Como se suas reflexões houvessem convidado a atenção dela, Haruka pausou o vídeo que estava assistindo — andava vendo vídeos de adolescentes japonesas fazendo reviews de material escolar e praticando caligrafias fofinhas — e o interpelou.

— Você está conversando com Nathalie? — Haruka quis saber.

— Sim.

— É difícil você ficar tão absorto assim no celular, e você digitou bastante.

“Isso está longe de ser ‘bastante’, mas ainda assim, muito perceptivo da sua parte.”

Considerando que não saía do alcance visual de Haruka há uns dez ou doze dias, Daisuke não considerava a atenção dela uma quebra de privacidade. Se não estivesse disposto a passar pelo escrutínio de Haruka, não pegaria o celular na frente dela.

— Eu senti saudade dela. — Disse simplesmente.

Haruka inclinou a cabeça para o lado, o avaliando com alguma lógica vampira inescrutável.

— Sua amiga foi muito cooperativa quando eu estava te procurando. Foi ela quem deduziu que você estava com os caçadores.
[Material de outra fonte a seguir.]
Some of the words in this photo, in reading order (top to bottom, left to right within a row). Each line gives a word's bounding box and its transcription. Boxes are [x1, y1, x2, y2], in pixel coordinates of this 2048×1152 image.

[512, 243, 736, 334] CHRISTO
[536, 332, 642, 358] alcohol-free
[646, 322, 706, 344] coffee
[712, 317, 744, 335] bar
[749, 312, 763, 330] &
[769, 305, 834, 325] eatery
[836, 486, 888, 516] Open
Daisuke demorou alguns segundos para processar essa informação. Primeiramente, Haruka havia questionado Nathalie. Com certeza acionara Alana para isso. Esperava que não tivesse sido traumático para Nat. E, segundamente… ao falar com Haruka, Nathalie essencialmente salvara sua vida. Foi esse o sentimento que o levou a pedir:

— Será que eu posso vê-la? Eu deveria agradecer.
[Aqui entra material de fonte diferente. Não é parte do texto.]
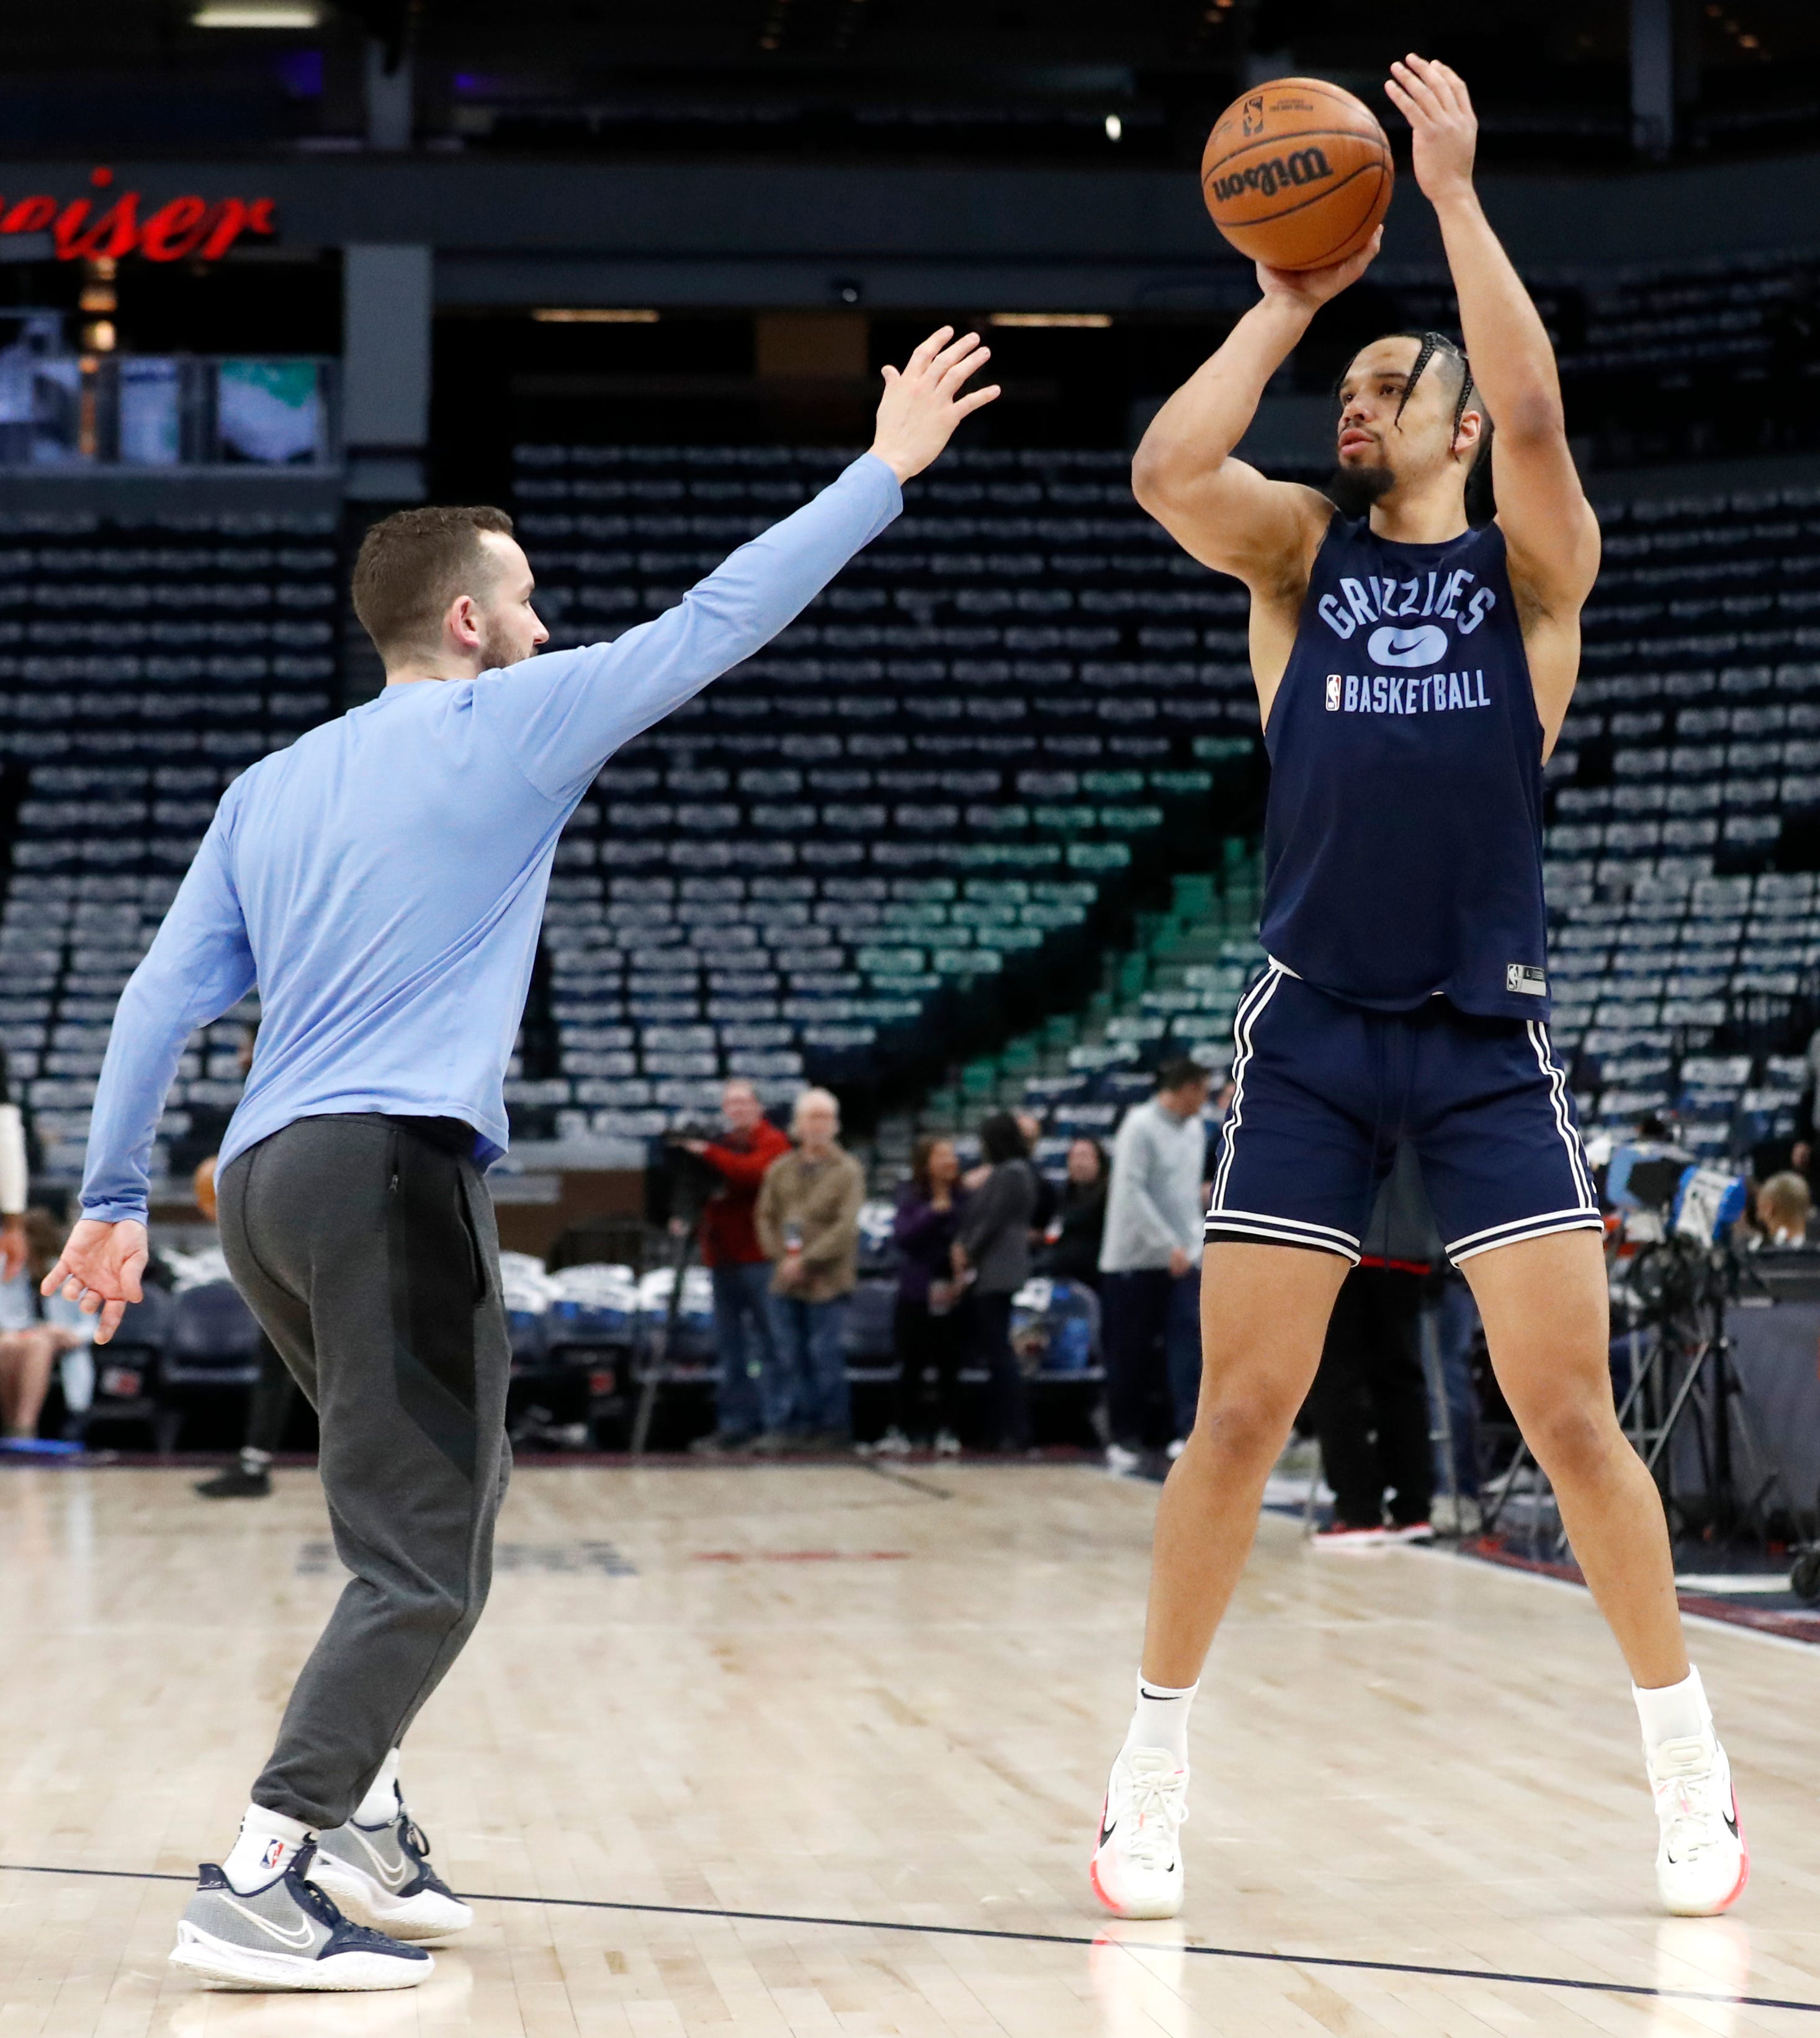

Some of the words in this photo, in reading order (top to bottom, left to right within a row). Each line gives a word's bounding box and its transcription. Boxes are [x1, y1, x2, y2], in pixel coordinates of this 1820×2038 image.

[1212, 147, 1334, 203] Wilson
[0, 166, 275, 261] eiser
[1317, 568, 1496, 640] GRIZZLIES
[1343, 669, 1491, 715] BASKETBALL
Haruka pensou sobre o assunto. É claro que nunca poderia só concordar com um pedido dele, tinha que fazê-lo sentir o suspense. Por fim, ela disse:

— Isso seria apropriado. Leve-a a algum lugar especial.

***

Era estranho agir com a bênção de Haruka. Sua criadora praticamente o intimara a levar Nathalie para um restaurante cinco estrelas nas bordas do território de Agonglô. Insistira que, se os dois ficassem juntos o tempo todo e se locomovessem de táxi, ninguém os incomodaria.

— Uau, aqui é… chique. — de dentro do carro, Nathalie olhava para cima. Daisuke pensava na estranheza de ser levado por um motorista, quando normalmente ele era o motorista.
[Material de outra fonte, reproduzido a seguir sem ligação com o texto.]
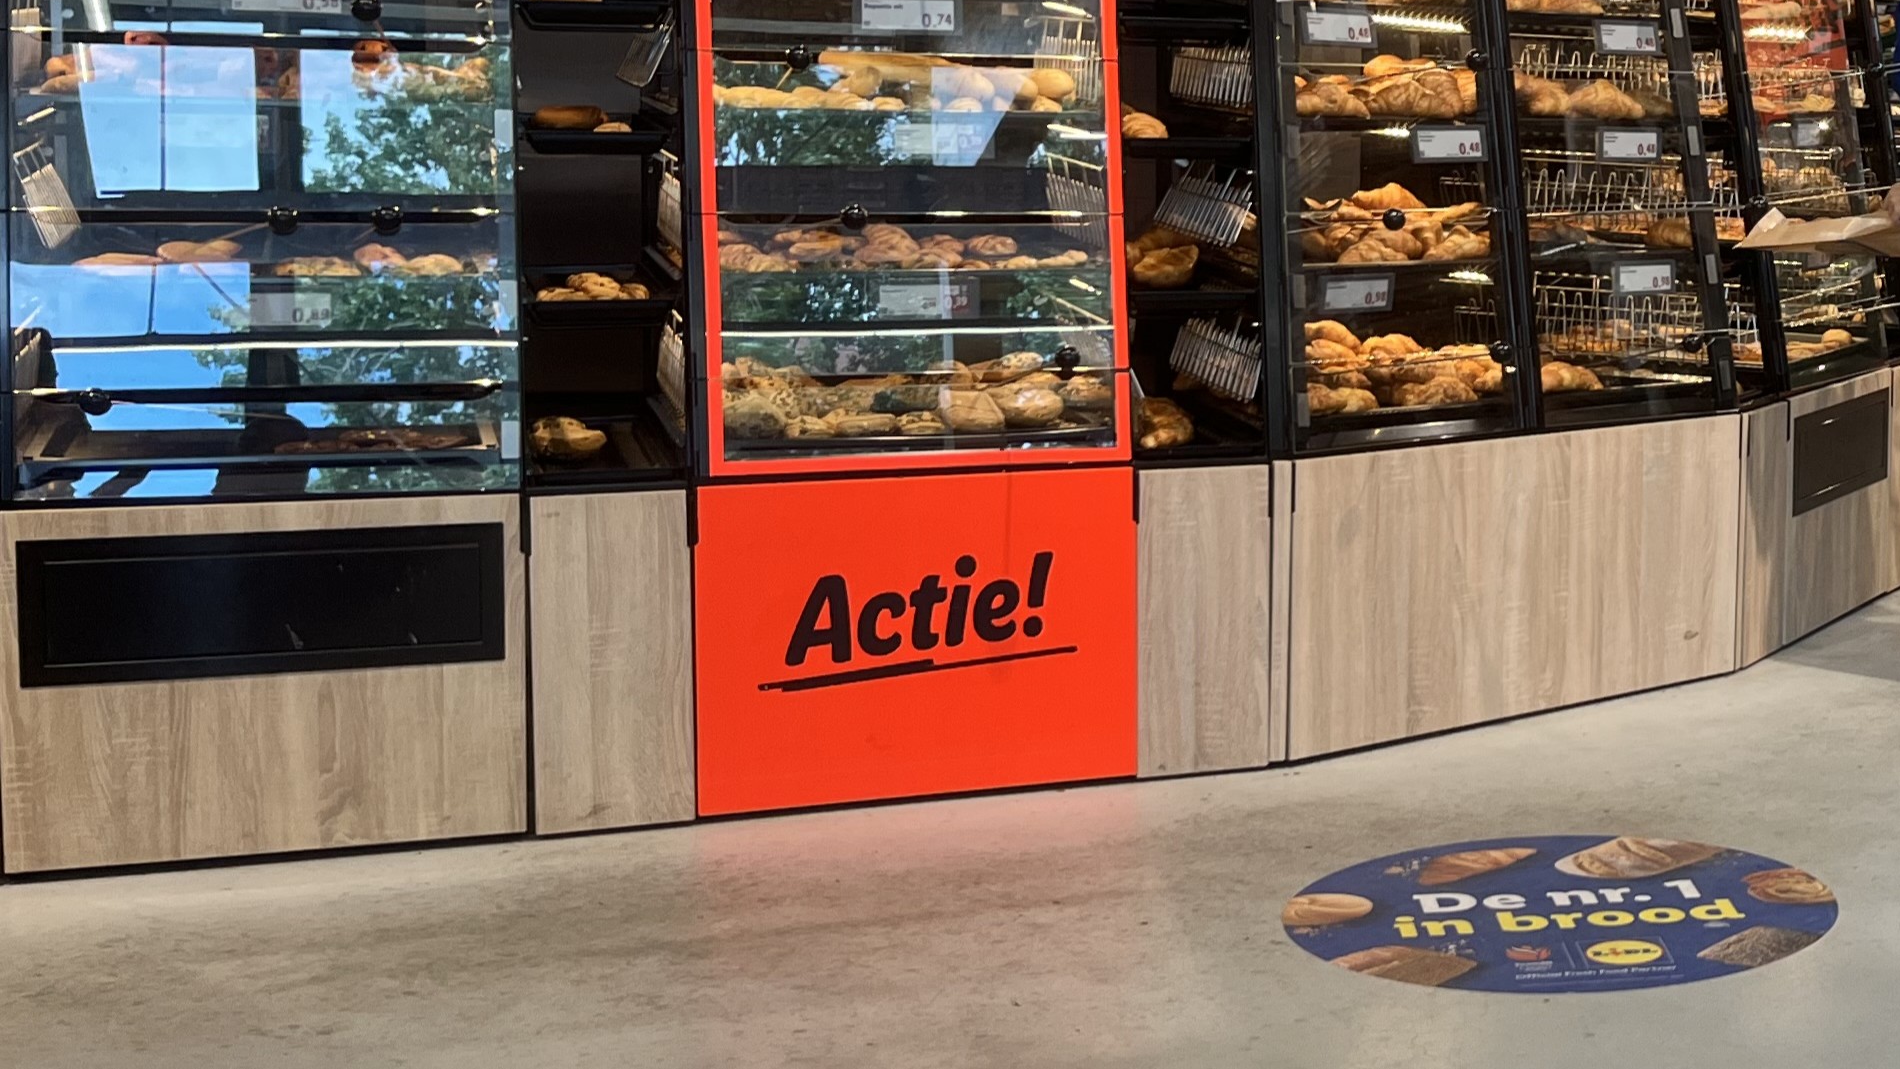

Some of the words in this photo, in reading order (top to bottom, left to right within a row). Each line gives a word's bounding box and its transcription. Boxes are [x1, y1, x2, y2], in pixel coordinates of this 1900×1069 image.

[784, 551, 1054, 667] Actie!
[1412, 892, 1526, 915] De
[1546, 883, 1653, 907] nr.
[1663, 878, 1702, 899] 1
[1393, 914, 1475, 939] in
[1494, 898, 1746, 935] brood
— Eu disse que queria te levar em um lugar legal.

Desceram do táxi. Nathalie olhou para ele, para o prédio, e para si mesma. Daisuke havia pedido que ela colocasse sua “melhor roupa de sair”, e por isso ela arranjara um jeans novo. A calça era preta e colada ao corpo, um estilo que ela normalmente sentia que restringia seus movimentos, mas que exatamente por isso considerou adequado — roupas formais eram feitas para serem desconfortáveis. E agora que não tinha circulação para ser cortada, nem era tão ruim assim. Era só não precisar lutar ou fugir em alta velocidade, e as noites com Daisuke nunca acabavam assim. Também colocara uma blusinha, e deixara pra trás seu moletom de apoio emocional. Se arrependia um pouco dessa última parte, esfregava os braços, se sentindo exposta, mas sabia que de jeito nenhum seu moletom surrado seria adequado num restaurante de gente rica.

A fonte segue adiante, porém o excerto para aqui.